I don't think anyone is denying that skill is involved, but skill is often orthogonal to utility. Skill can be abused. Con men, burglars, and pickpockets all have skill. Malware authors have skill. Torturers have skill. I'm not saying sales is equivalent to any of those (OK maybe con men) but the point should still be crystal clear. What people are saying is that Fivetran hasn't succeeded in creating any value, and might even have destroyed value. When a big company "succeeds" by acquiring competitors they quite rightly get antitrust scrutiny because that's bad for competition and innovation. The principle doesn't really change for smaller predators.

wowokay|3 years ago

I think what they were saying is this company puts off snake oil vibes.

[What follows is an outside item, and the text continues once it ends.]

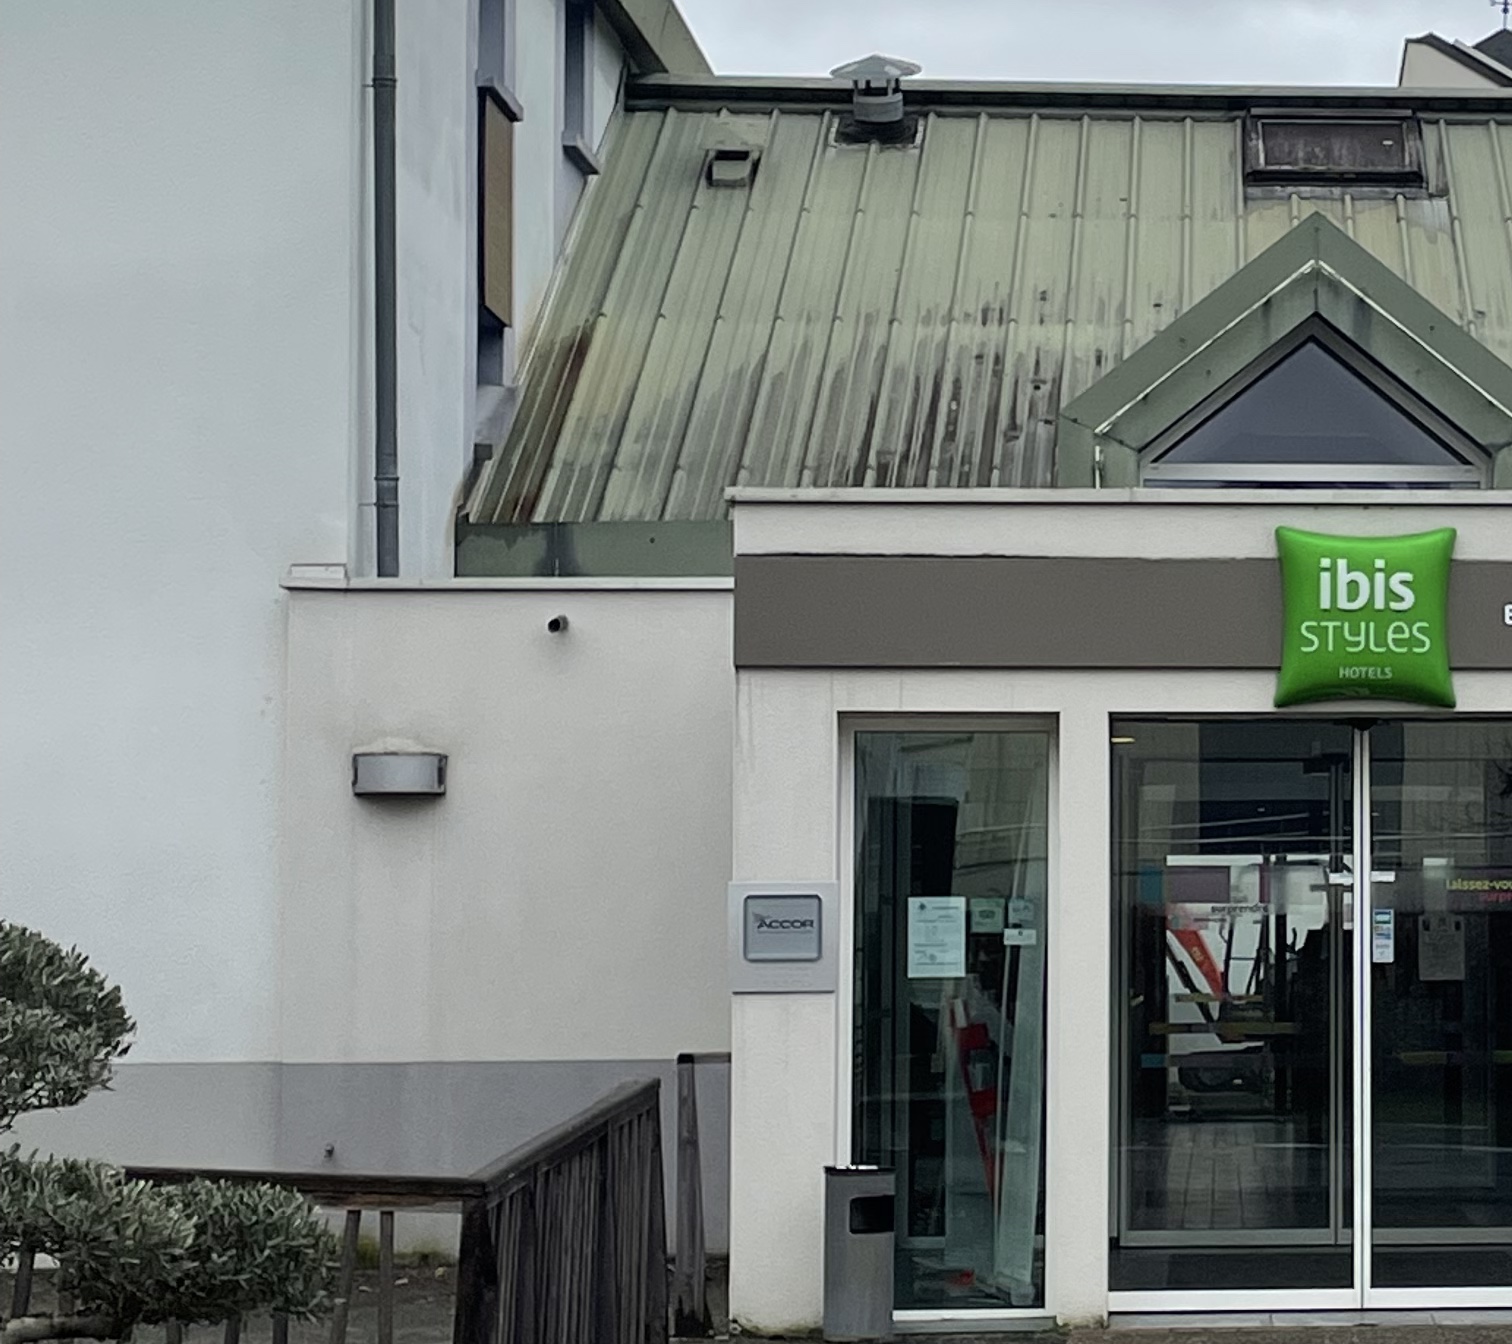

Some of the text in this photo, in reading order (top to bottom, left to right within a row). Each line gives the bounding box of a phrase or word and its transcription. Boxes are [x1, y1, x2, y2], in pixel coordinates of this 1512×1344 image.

It's like calling Microsoft a success in the game industry when they bought companies or products to position themselves as a leader of the industry when the argument can be made that they couldn't build it back up if it went under.

kyawzazaw|3 years ago

xBox is pretty successful, no? Is the ability to building it back if it went under the only test/indicator of a successful business operation?

nickff|3 years ago

You seem to be focused on software development as the only 'legitimate' avenue to building a company/business; if this is true, why? Are VCs 'illegitimate' for being unable to run the companies and develop the corresponding products they profit from? Are software developers 'snake oil' vibe-y for being unable to create the hardware they rely on?